Alright. Is there more on the plate? Of course! It's time to enter the magic world!

Let's start with the fact that you can use shell functions inside the Jupyter Notebook.

Just write what you want by adding `!` at the beginning. For example, write `!pip install matplotlib` and execute the cell to get the result.

To get the whole possible magic command palette, type `%lsmagic` inside the notebook! Note that when you type it, you will see the line and cell types. `line` means you need to use just %, and it acts only on one line, and `cell` means that you need to use %%, and it will act on a whole cell.

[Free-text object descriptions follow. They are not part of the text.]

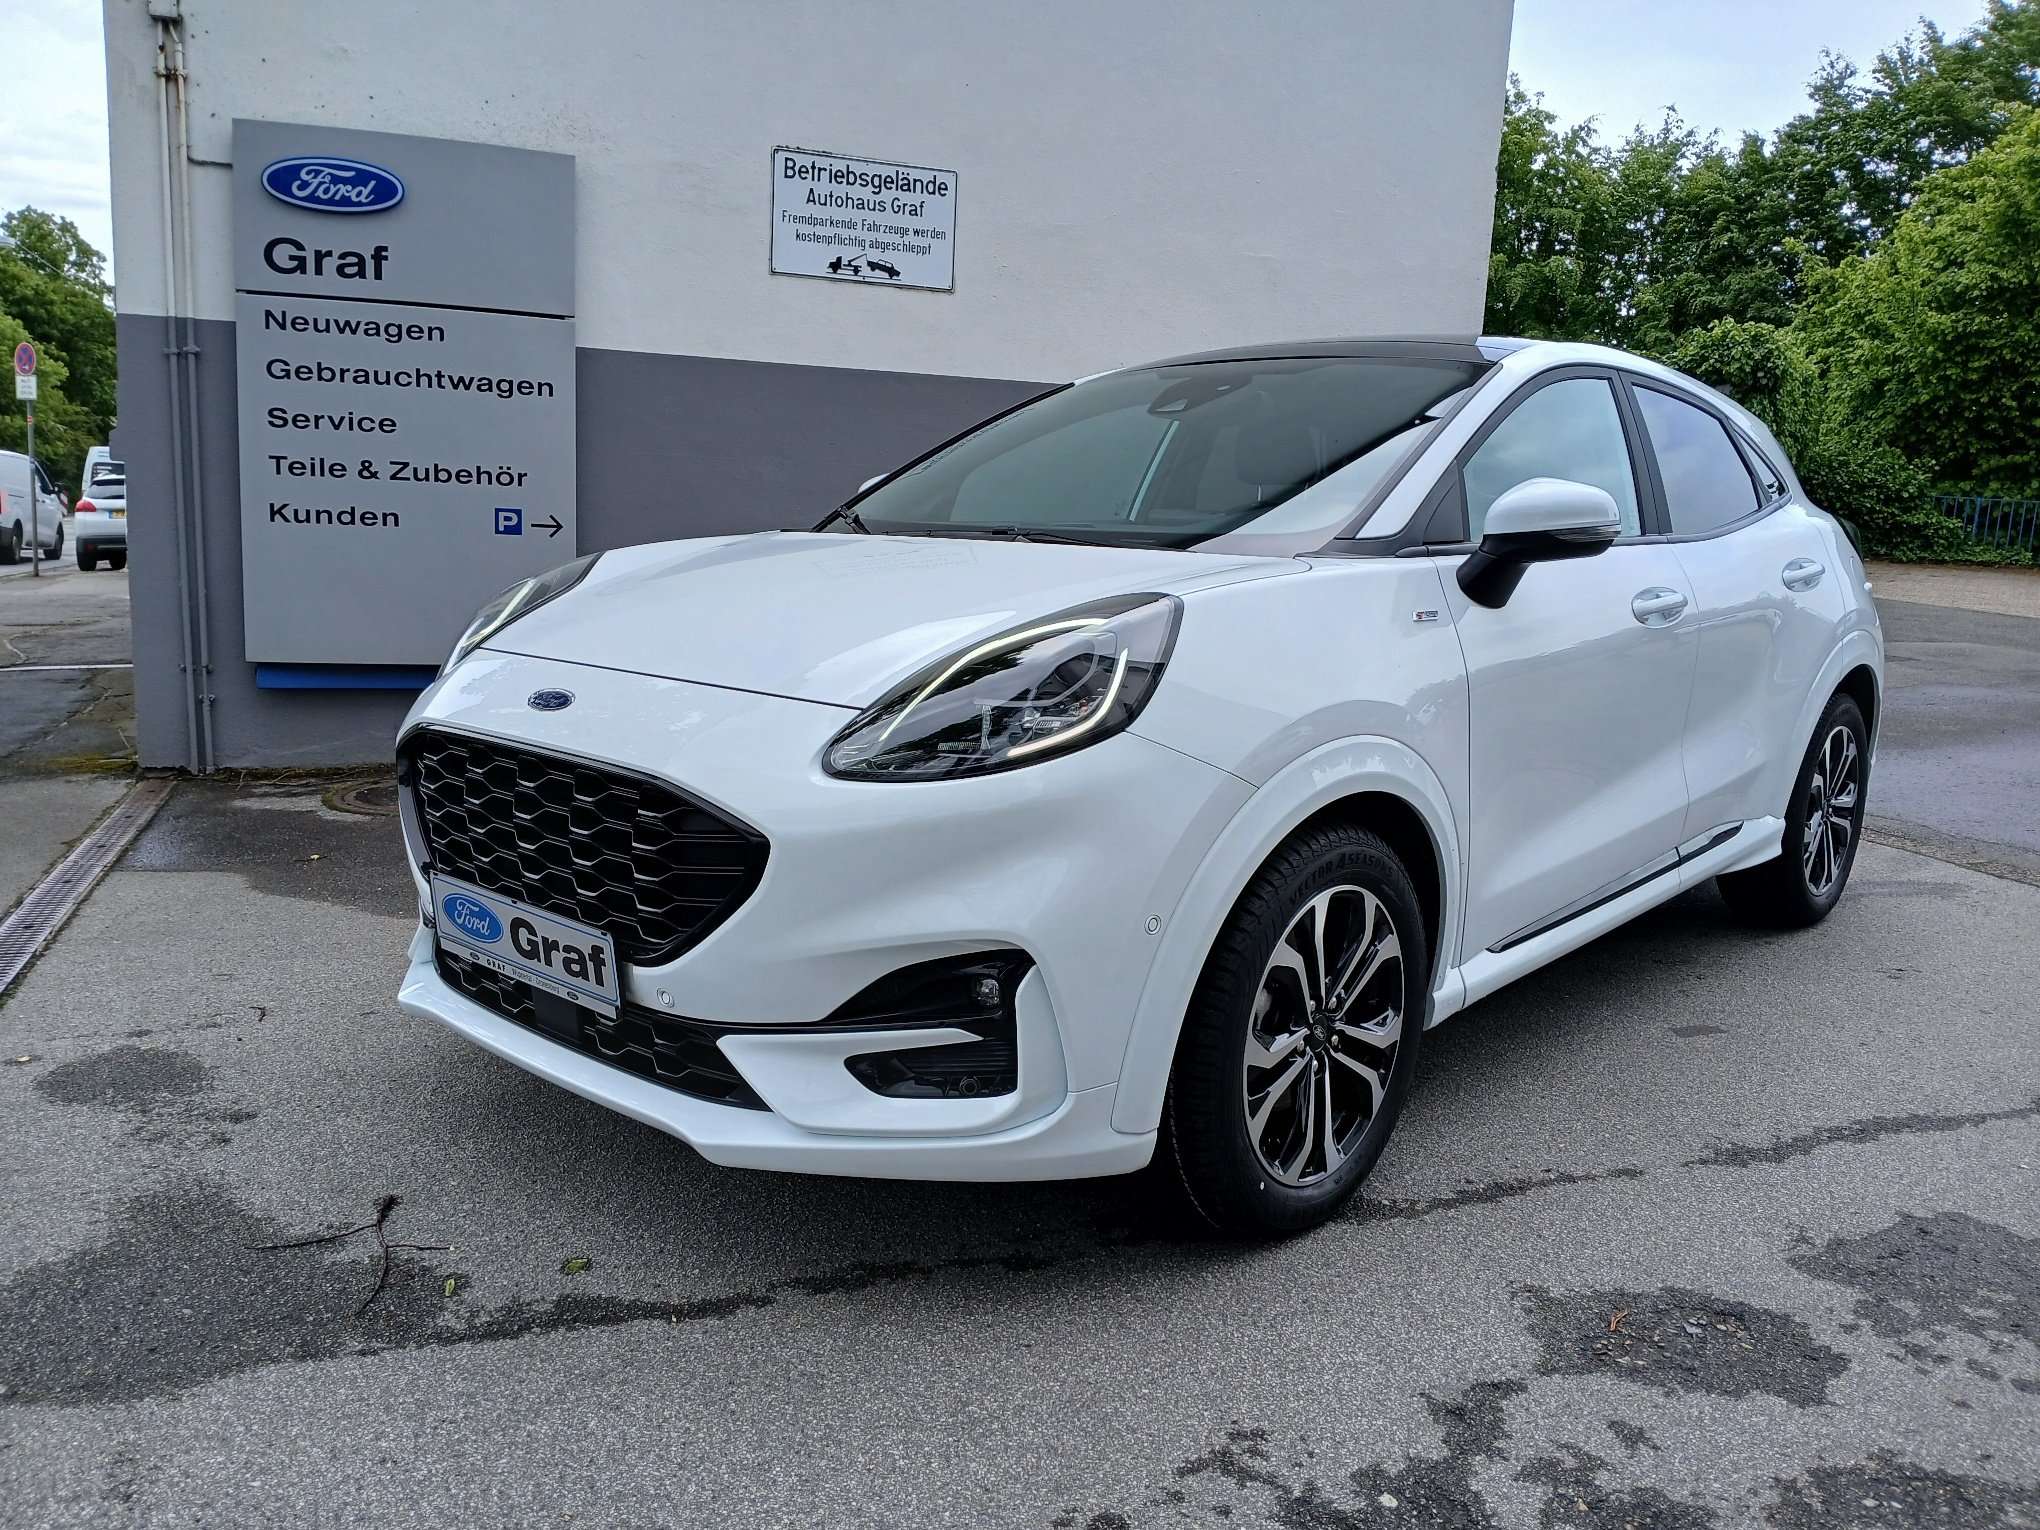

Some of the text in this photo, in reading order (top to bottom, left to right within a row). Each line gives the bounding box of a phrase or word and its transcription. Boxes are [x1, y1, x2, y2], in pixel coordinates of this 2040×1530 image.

[291, 165, 376, 203] Ford
[783, 156, 949, 197] Betriebsgelände
[805, 187, 925, 218] Autohaus Graf
[782, 209, 946, 241] Fremdparkende Fahrzeuge werden
[795, 228, 932, 257] kostenpflichtig abgeschleppt
[263, 237, 389, 281] Graf
[264, 309, 446, 344] Neuwagen
[265, 358, 555, 399] Gebrauchtwagen
[267, 407, 398, 434] Service
[268, 455, 528, 487] Teile & Zubehör
[268, 502, 519, 532] Kunden P
[454, 900, 491, 936] Ford
[509, 916, 607, 988] Graf
[486, 959, 506, 972] GRAF
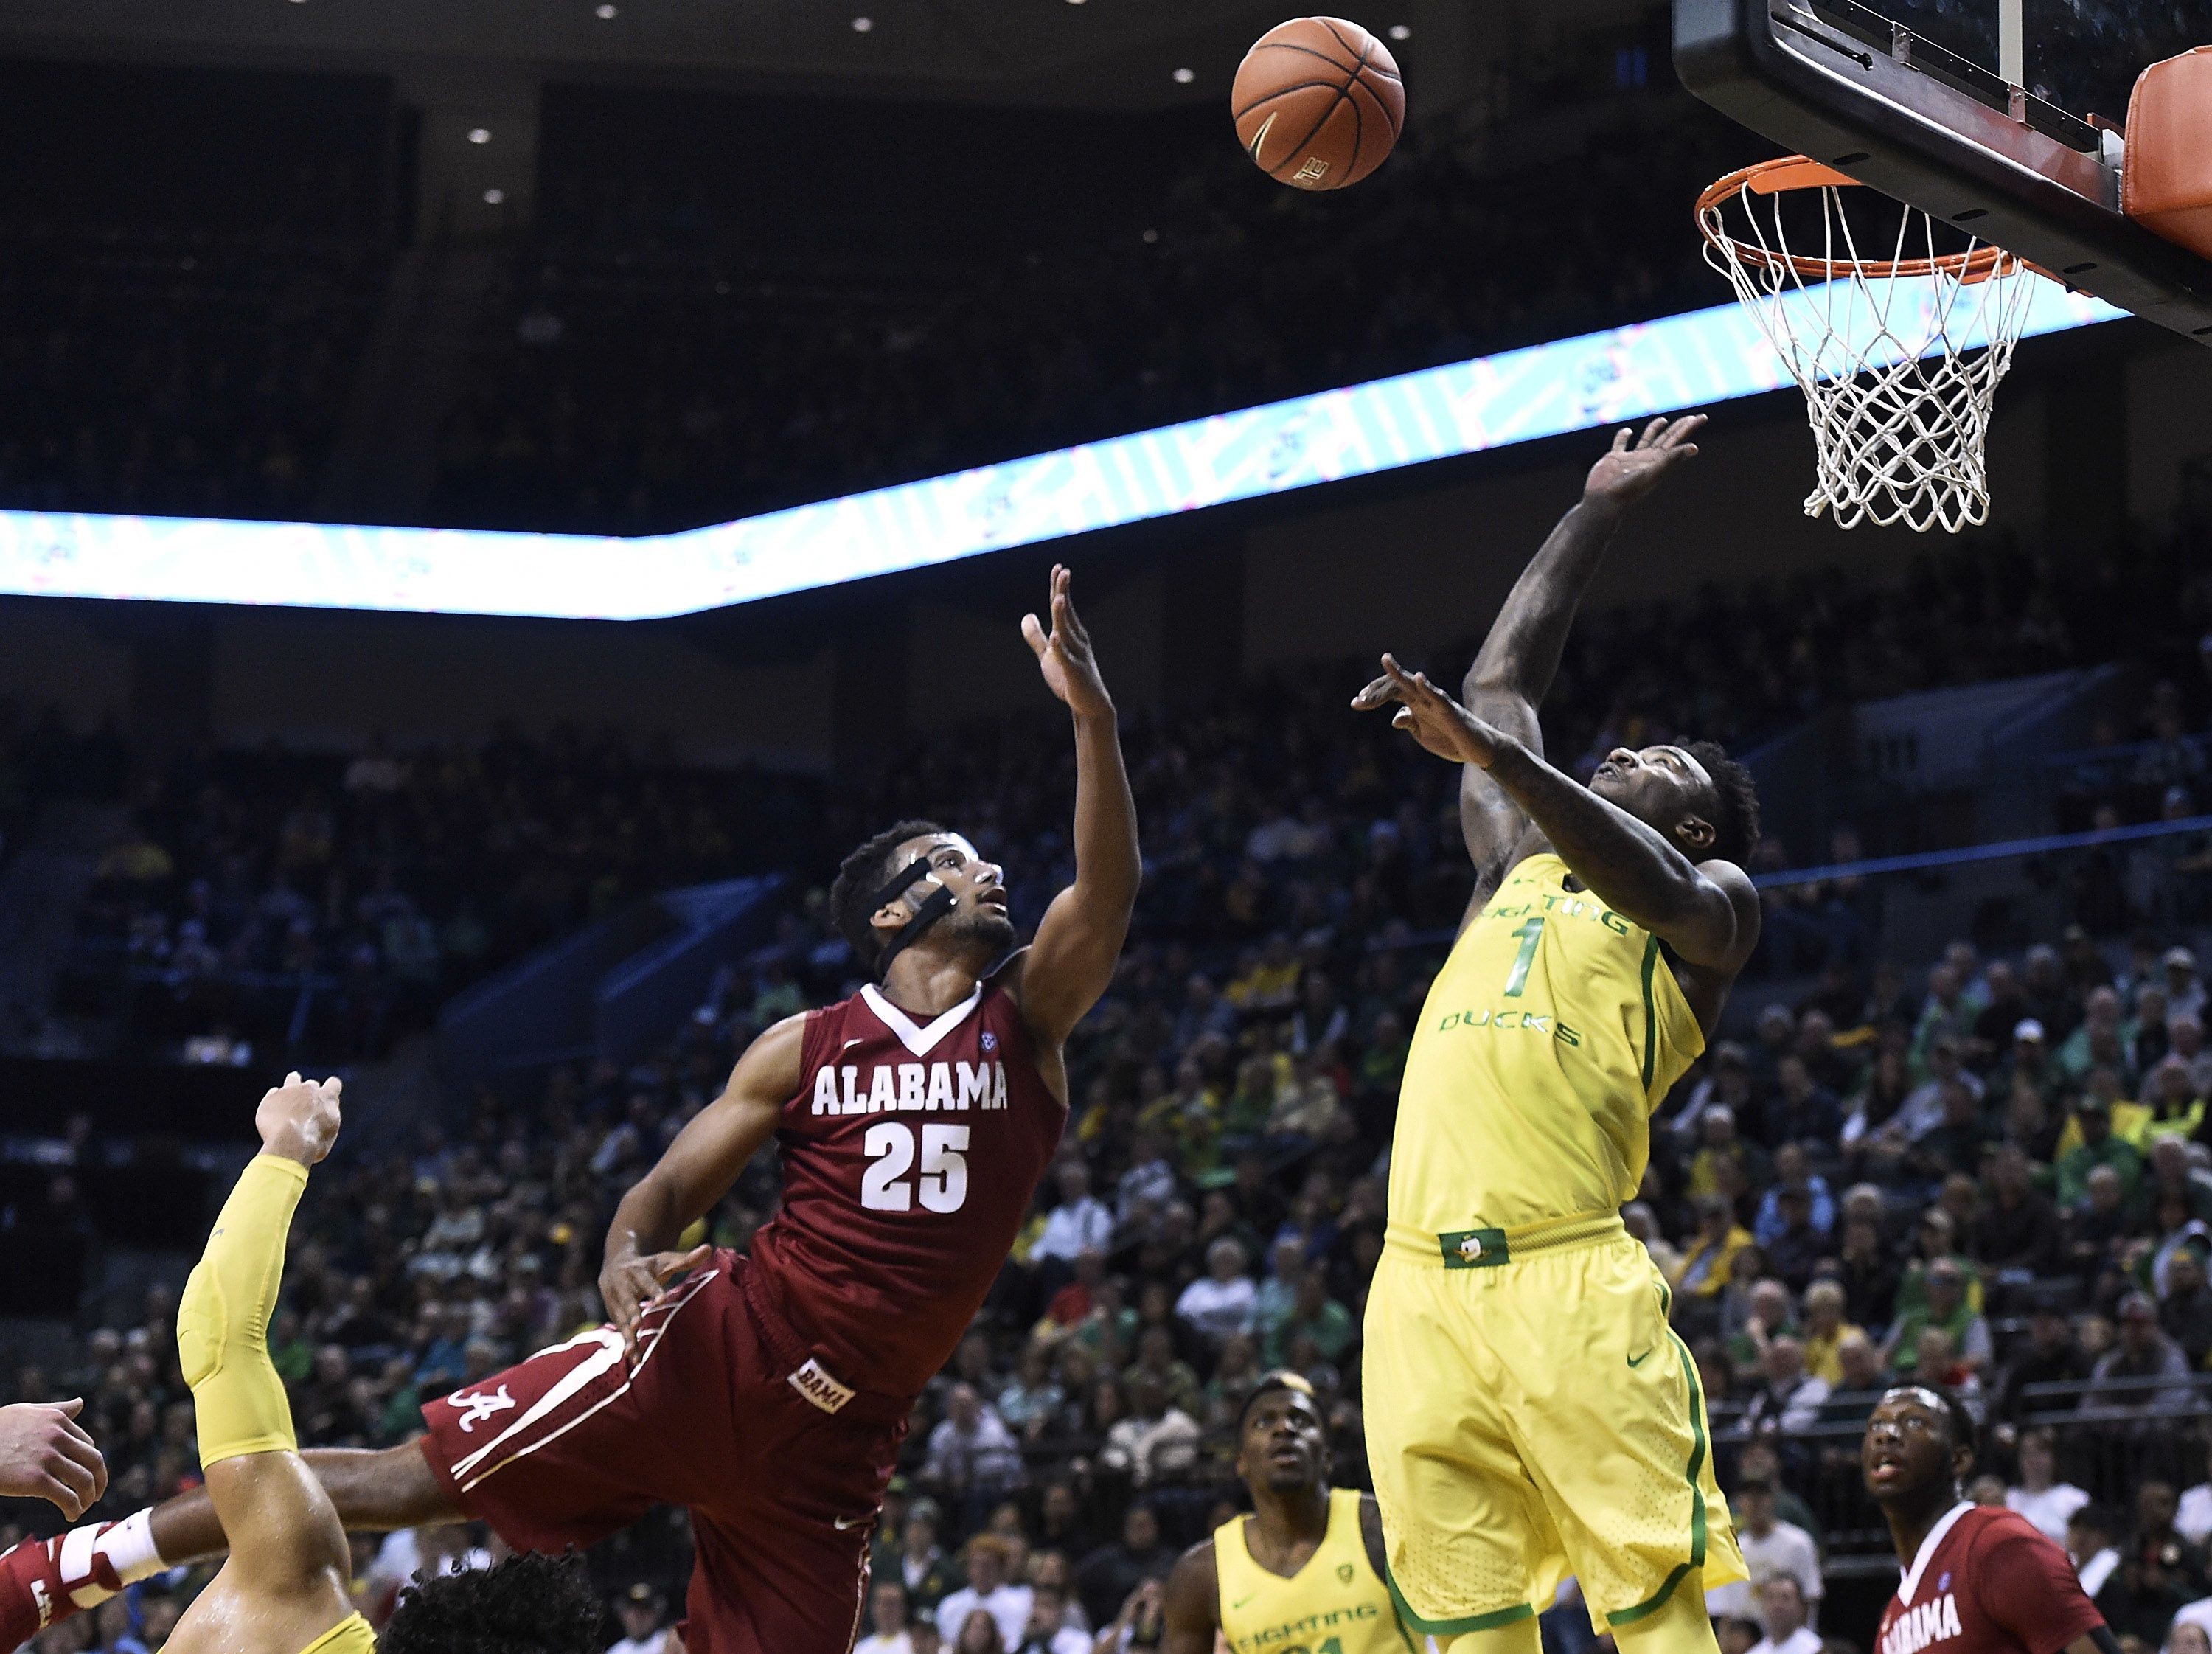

For now, we will look at just a handful of them.

%timeit

Invokes the Python's timeit module.

%hist shows the input history

If you forgot what and where you typed, and it's essential to you, use `%hist -g` to get a global history of commands (don't disclose any sensitive info 😬).

‍

%pastebin

Upload your code at https://dpaste.com. Again, don’t put your password here! 😅

Let's look at the block magic!

‍

%%ruby

Work with Ruby if you have installed it! For example, let's count from 1 to 5. :)

%%ruby

(1..5).each {|i| puts i}

%%latex

Allows you to write latex! 

%%latex
$$
\begin{align*}
    \mathcal{L} = &-\frac{1}{4} B_{\mu\nu}B^{\mu\nu} - \frac{1}{8}\mathrm{tr}\left(\mathbf{W}_{\mu\nu}\mathbf{W}^{\mu\nu}\right) - \frac{1}{2}\mathrm{tr}\left(\mathbf{G}_{\mu\nu}\mathbf{G}^{\mu\nu}\right) && \text{(U(1), SU(2), and SU(3) gauge terms)} \\
    &+ \left(\bar{\nu}_L,\bar{e}_L\right)\tilde{\sigma}^\mu iD_\mu\begin{pmatrix}\nu_L\\e_L\end{pmatrix} + \bar{e}_R\sigma^\mu iD_\mu e_R + \bar{\nu}_R\sigma^\mu iD_\mu\nu_R + \text{(h.c.)} && \text{(lepton dynamical term)} \\
    &-\frac{\sqrt{2}}{\nu}\left[\left(\bar{\nu}_L,\bar{e}_L\right)\phi M^ee_R+\bar{e}_R\bar{M}^e\bar{\phi}\begin{pmatrix}\nu_L\\e_L\end{pmatrix}\right] && \text{(electron, muon, tauon mass term)} \\
    &-\frac{\sqrt{2}}{\nu}\left[\left(-\bar{e}_L,\bar{\nu}_L\right)\phi^{*}M^\nu\nu_R+\bar{\nu}_R\bar{M}^\nu\phi^T\begin{pmatrix}-e_L\\\nu_L\end{pmatrix}\right] && \text{(neutrino mass term)} \\
    & +\left(\bar{u}_L, \bar{d}_L\right)\tilde{\sigma}^\mu iD_\mu \begin{pmatrix}u_L\\d_L\end{pmatrix} + \bar{u}_R\sigma^\mu iD_\mu u_R + \bar{d}_R\sigma^\mu iD_\mu d_R + \text{(h.c.)} && \text{(quark dynamical term)} \\
    &- \frac{\sqrt{2}}{\nu}\left[\left(\bar{u}_L,\bar{d}_L\right)\phi M^dd_R+\bar{d}_R\bar{M}^d\bar{\phi}\begin{pmatrix}u_L\\d_L\end{pmatrix}\right] && \text{(down, strange, bottom mass term)} \\
    &-\frac{\sqrt{2}}{\nu}\left[\left(-\bar{d}_L,\bar{u}_L\right)\phi^{*}M^uu_R+\bar{u}_R\bar{M}^u\phi^T\begin{pmatrix}-d_L\\u_L\end{pmatrix}\right] && \text{(up, charm, top mass term)} \\
    &+\overline{\left(D_\mu\phi\right)}D^\mu\phi-\frac{m_h^2\left[\bar{\phi}\phi-\frac{\nu^2}{2}\right]^2}{2\nu^2} && \text{(Higgs dynamical and mass term)}
\end{align*}
$$

Fortunately, the output for latex code is more satisfying:

Let's look at HTML, SVG, and MarkDown:

‍

%%svg

https://www.python.org/static/community_logos/python-logo-generic.svg

‍

%%html

<p style="color: green; font-size: 60px;">This is nice.</p>

‍

%%markdown

### __Buy__:

- APPLE

- BLACKBERRY

- ~~INTEL~~

As you probably noticed, most notebooks don't use the %%html or %%markdown syntax.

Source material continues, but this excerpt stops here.